Four cylinder engine motorcycle

The CB750 is an air-cooled, transverse, in-line-four-cylinder-engine motorcycles made by Honda over several generations for year models 1969–2008 with an upright, or standard, riding posture. It is often called the original Universal Japanese Motorcycle (UJM) and also is regarded as the first motorcycle to be called a "superbike". The CR750 is the associated works racer.

Though other manufacturers had marketed the transverse, overhead camshaft, inline four-cylinder engine configuration and the layout had been used in racing engines prior to World War II, Honda popularized the configuration with the CB750, and the layout subsequently became the dominant sport bike engine layout.

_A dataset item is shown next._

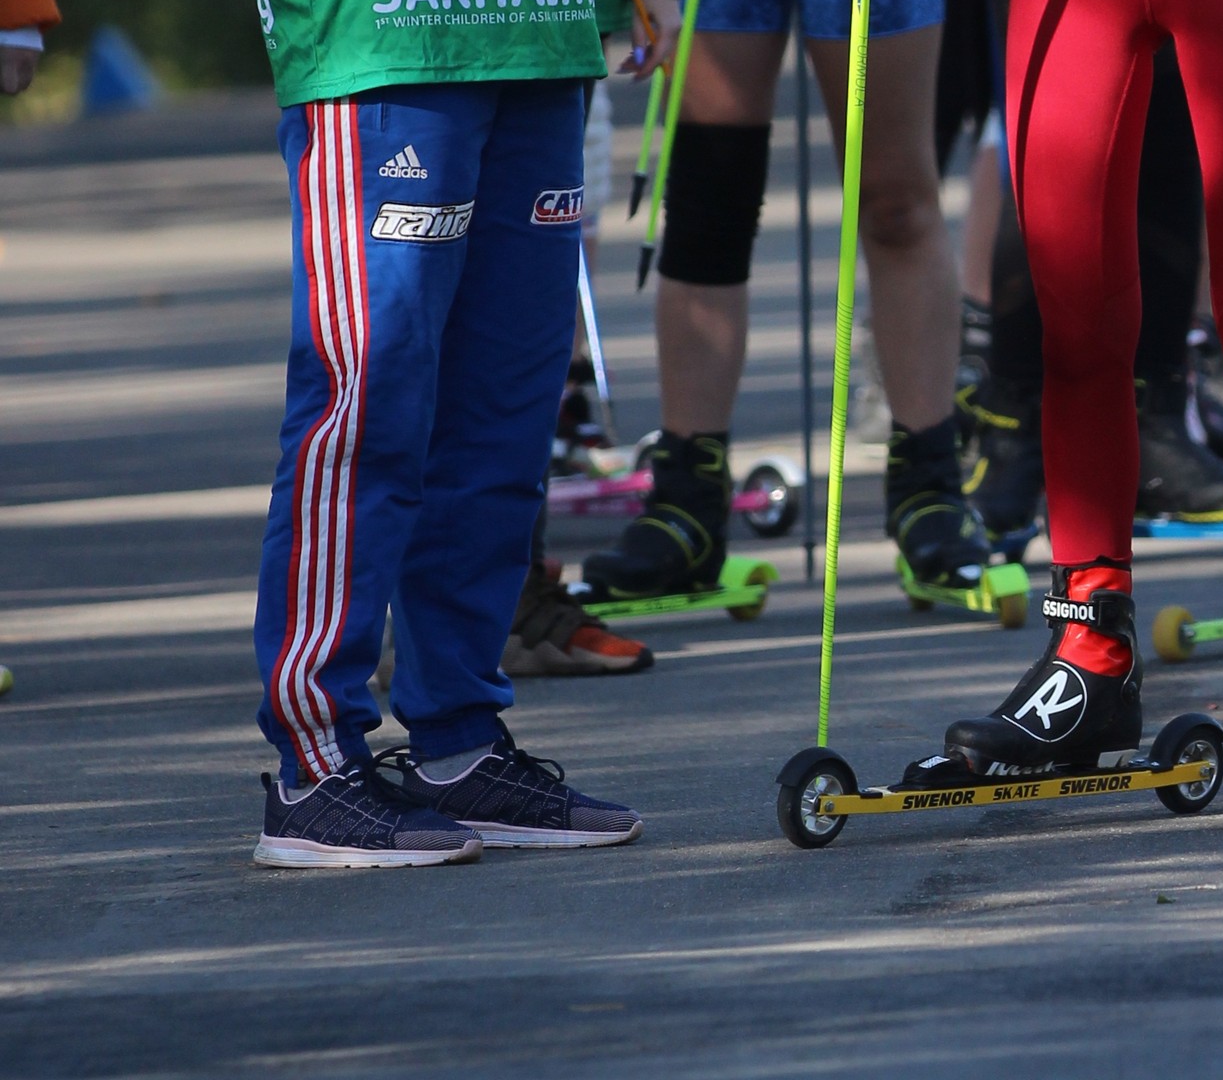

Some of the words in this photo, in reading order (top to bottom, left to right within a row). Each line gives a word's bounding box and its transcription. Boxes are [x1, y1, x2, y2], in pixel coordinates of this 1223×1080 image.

The CB750 is included in the AMA Motorcycle Hall of Fame Classic Bikes; was named in the Discovery Channel's "Greatest Motorbikes Ever"; was in The Art of the Motorcycle exhibition, and is in the UK National Motor Museum. The Society of Automotive Engineers of Japan, Inc. rates the 1969 CB750 as one of the 240 Landmarks of Japanese Automotive Technology.

Although the CB750 nameplate has carried on throughout multiple generations, the original CB750 line from 1969 to 1983 was succeeded by the CBX750, which used the CB750 designation for several of its derivatives.

==History==
Honda of Japan introduced the CB750 motorcycle to the US and European markets in 1969 after experiencing success with its smaller motorcycles. In the late 1960s Honda motorcycles were, overall, the world's biggest sellers. There were the C100 Cub step-through—the best-selling motorcycle of all time—the C71, C72, C77 and CA77/8 Dreams; and the CB72/77 Super Hawks/Sports. A taste of what was ahead came with the introduction of the revolutionary CB450 DOHC twin-cylinder machine in 1966. Profits from these production bikes financed the successful racing machines of the 1960s, and lessons learned from racing were applied to the CB750. The CB750 was targeted directly at the US market after Honda officials, including founder Soichiro Honda, repeatedly met US dealers and understood the opportunity for a larger bike.

===Early racing===
In 1967 American Honda's service manager Bob Hansen flew to Japan and discussed with Soichiro Honda the possibility of using Grand Prix technology in bikes prepared for American motorcycle events. American racing's governing body, the AMA, had rules that allowed racing by production machines only, and restricted overhead-valve engines to 500 cc whilst allowing the side-valve Harley Davidsons to compete with 750 cc engines. Honda knew that what won on the race track today, sold in the show rooms tomorrow, and a large engine capacity road machine would have to be built to compete with the Harley Davidson and Triumph twin-cylinder machines.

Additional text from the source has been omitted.